Subscribe to DSC Newsletter

"You need an algorithm, not a Data Scientist". Um...not quite

I recently read a Harvard Business Review (HBR) article “You need an algorithm, not a data scientist”. The author (from an analytics vendor) argues that:

  1. Companies are increasingly trying to do more analysis of their data to find value and are hiring people (data scientists) to do this work. This people-centric approach does not scale.
  2. Some patterns are too imperceptible to be captured by humans. The author gives the example of monitoring a slowly changing customer profile which would go unnoticed with a manual examination of the data. However algorithms can continuously monitor this data at scale and so are better.
  3. Modern tools “require very little or no human intervention, zero integration time, and almost no need for service to re-tune the predictive model as dynamics change”.
  4. Therefore, the companies that succeed will be those that use automated algorithms – which are faster, more accurate, more scalable, and more adaptive than manually analyzed data

Other articles present similar arguments [2] [3]. These arguments are off the mark for several reasons. I want to present an alternative perspective. What you actually need is a data scientist and then an algorithm.

Why you need a data scientist and then an algorithm

First of all, I want to address each of the arguments made in the HBR post.

The HBR post’s argument assumes that algorithms and data scientist are mutually exclusive rather than complementary. Actually, both work together in a lab/factory analogy. With a good organisational structure, ideas are ‘experimented’ with using Data ‘Science’ in the ‘lab’. When proven measurably useful, then investment is made in productionising the associated Data Science in the ‘factory’. The Data Science will have yielded everything from insights about data quality and data profiles through to the most appropriate visualizations and algorithms for the business problem. In addition, good Data Science should have provided expected performance metrics for the factory product. This helps build a business case for the product and ground expectations.

The HBR post’s argument assumes that organisations are trying to scale with data scientists rather than productionised data products. This is patently not the case and any organisations taking this approach need to reconsider their Data Science strategy. The point of Data Science is to be a service.  This service can quickly do agile experiments to quantify and investigate business hypotheses about data and help inform the roll out of products. Doing Data Science therefore informs the investment decision in software development, software purchase, software tuning, etc.

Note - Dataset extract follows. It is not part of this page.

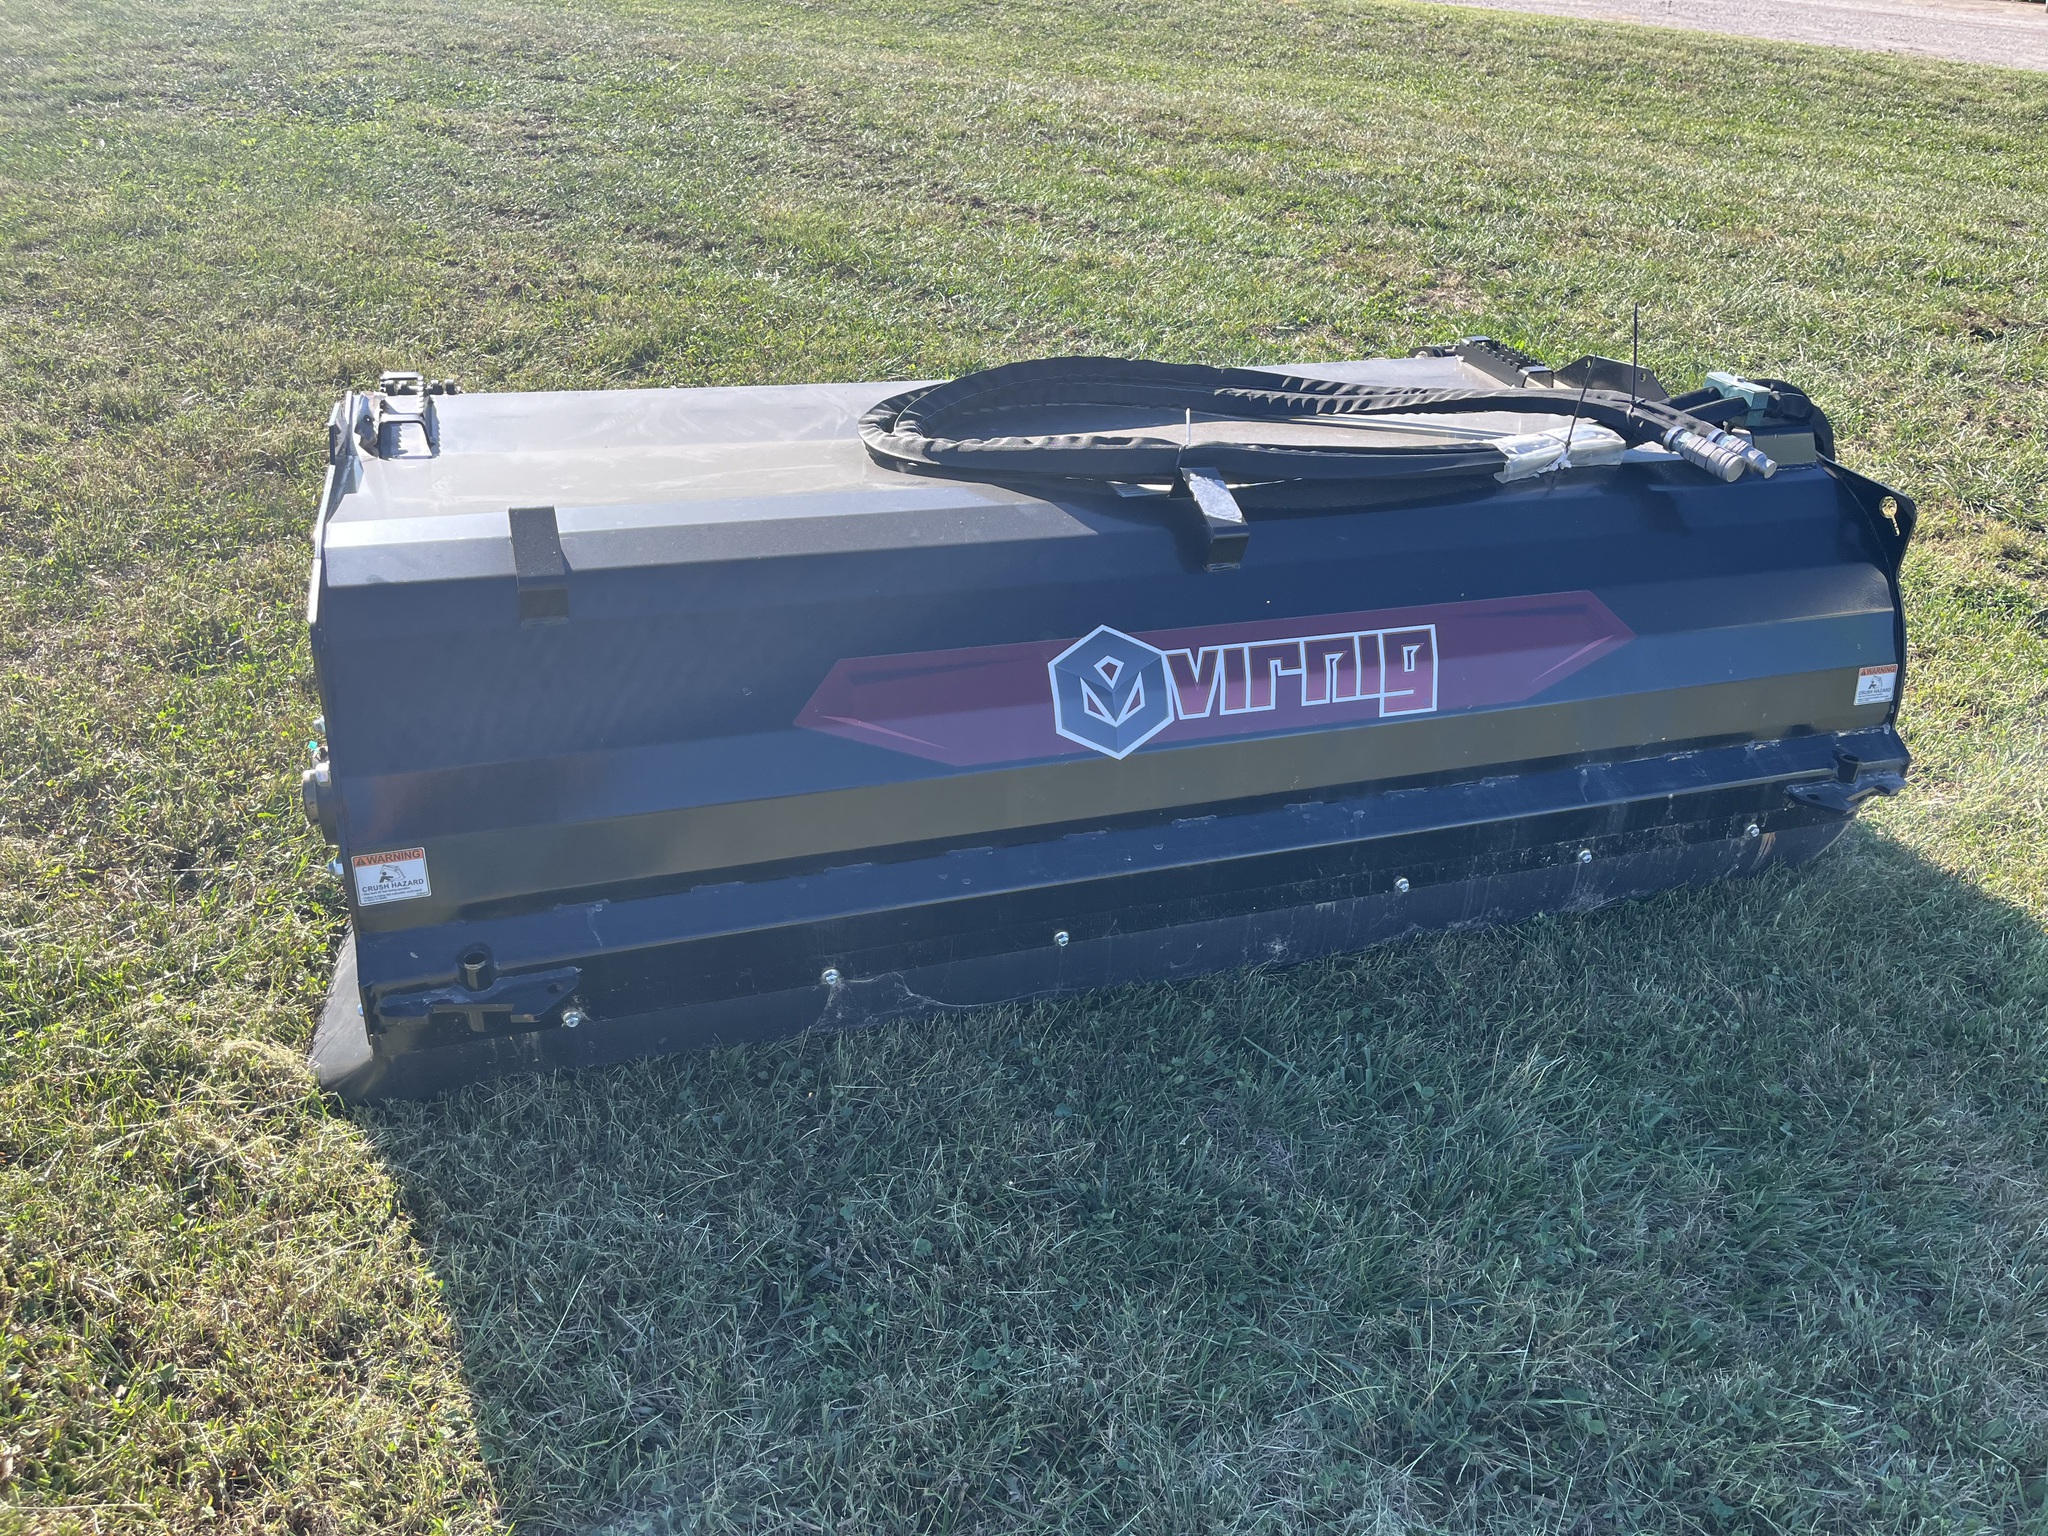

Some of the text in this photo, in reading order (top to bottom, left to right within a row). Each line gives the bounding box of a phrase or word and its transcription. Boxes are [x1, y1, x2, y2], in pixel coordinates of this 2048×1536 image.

[1866, 666, 1895, 675] WARNING
[366, 850, 421, 864] WARNING
[362, 883, 390, 893] CRUSH
[391, 878, 424, 888] HAZARD

The HBR post claims that certain patterns cannot be perceived by humans doing manual analysis but are detectable by an algorithm. This is partially true. Algorithms can certainly work day and night, quickly processing refreshed and streaming data better than any human could ever hope to. However, if the system being analysed is not well understood then appropriate analyses cannot be chosen and tuned before ‘switching on the fire hose’. It is this understanding, modelling, analysing and tuning that is the job of the Data Scientist in collaboration with the domain expert. The Data Scientist does this in part using statistical and machine learning algorithms.

The HBR post claims that modern tools require limited intervention, tuning, and integration. This claim needs to be taken with a pinch of salt. It is common knowledge that the vast majority of time on a data project is spent understanding and cleaning the data. We should be very sceptical of claims that software can simply be ‘turned on’ without the necessary understanding of the data and the problem domain. There are just too many variations in data to make such a confident claim about the capabilities of data software.

Data Science and Algorithms are Complementary

Data Scientists and automation (data products, algorithms, production code, whatever) are complementary functions. Good Data Science supports automation. It quickly adds value by investigating, testing, and quantifying hypotheses about existing data and potential new data.

Simply switching on software ignores the reality of working with data, regardless of the claims of that software. Data is full of nuances, errors and unknown relationships that are best discovered and tested by an expert Data Scientist. This takes time and does not scale but it does not have to scale. It is the necessary prudent investment that you make before spending months in product development and automation of the wrong algorithm on the wrong or broken data.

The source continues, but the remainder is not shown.